### Your objective
Without changing a character, return the entries, but not the images they hold.

[Referring expression grounding data]
Content starts
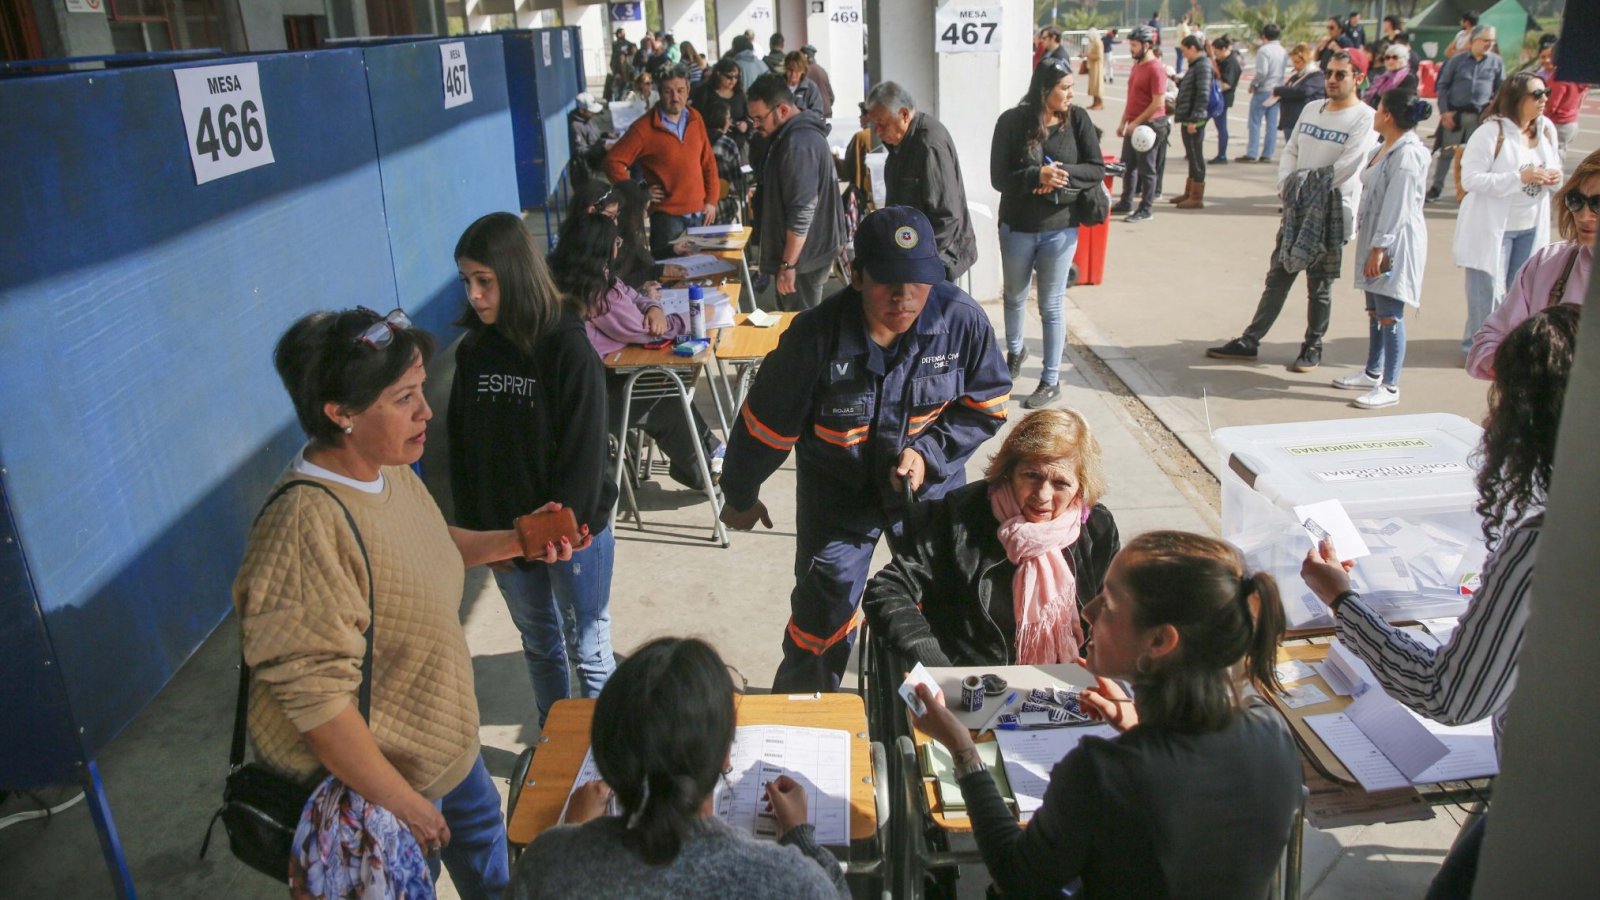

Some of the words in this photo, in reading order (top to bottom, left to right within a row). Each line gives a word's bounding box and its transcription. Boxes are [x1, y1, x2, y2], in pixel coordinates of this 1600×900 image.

[830, 11, 858, 23] 469
[959, 10, 987, 18] MESA
[941, 22, 998, 45] 467
[207, 75, 242, 95] MESA
[446, 64, 467, 97] 467
[196, 100, 264, 162] 466
[1300, 124, 1347, 143] BURTON
[921, 355, 946, 364] DEFENSA
[933, 360, 950, 368] CHILE
[835, 362, 849, 376] V
[477, 374, 536, 397] ESPRIT
[1362, 440, 1425, 449] PUEBLOS
[1320, 463, 1458, 477] CONSTITUCIONAL
[1355, 469, 1433, 479] CONSEJO
Content ends
### Response to the exercise
Some of the words in this photo, in reading order (top to bottom, left to right within a row). Each line gives a word's bounding box and its transcription. Boxes are [x1, y1, x2, y2], in pixel coordinates of this 1600×900 image.

[830, 11, 858, 23] 469
[959, 10, 987, 18] MESA
[941, 22, 998, 45] 467
[207, 75, 242, 95] MESA
[446, 64, 467, 97] 467
[196, 100, 264, 162] 466
[1300, 124, 1347, 143] BURTON
[921, 355, 946, 364] DEFENSA
[933, 360, 950, 368] CHILE
[835, 362, 849, 376] V
[477, 374, 536, 397] ESPRIT
[1362, 440, 1425, 449] PUEBLOS
[1320, 463, 1458, 477] CONSTITUCIONAL
[1355, 469, 1433, 479] CONSEJO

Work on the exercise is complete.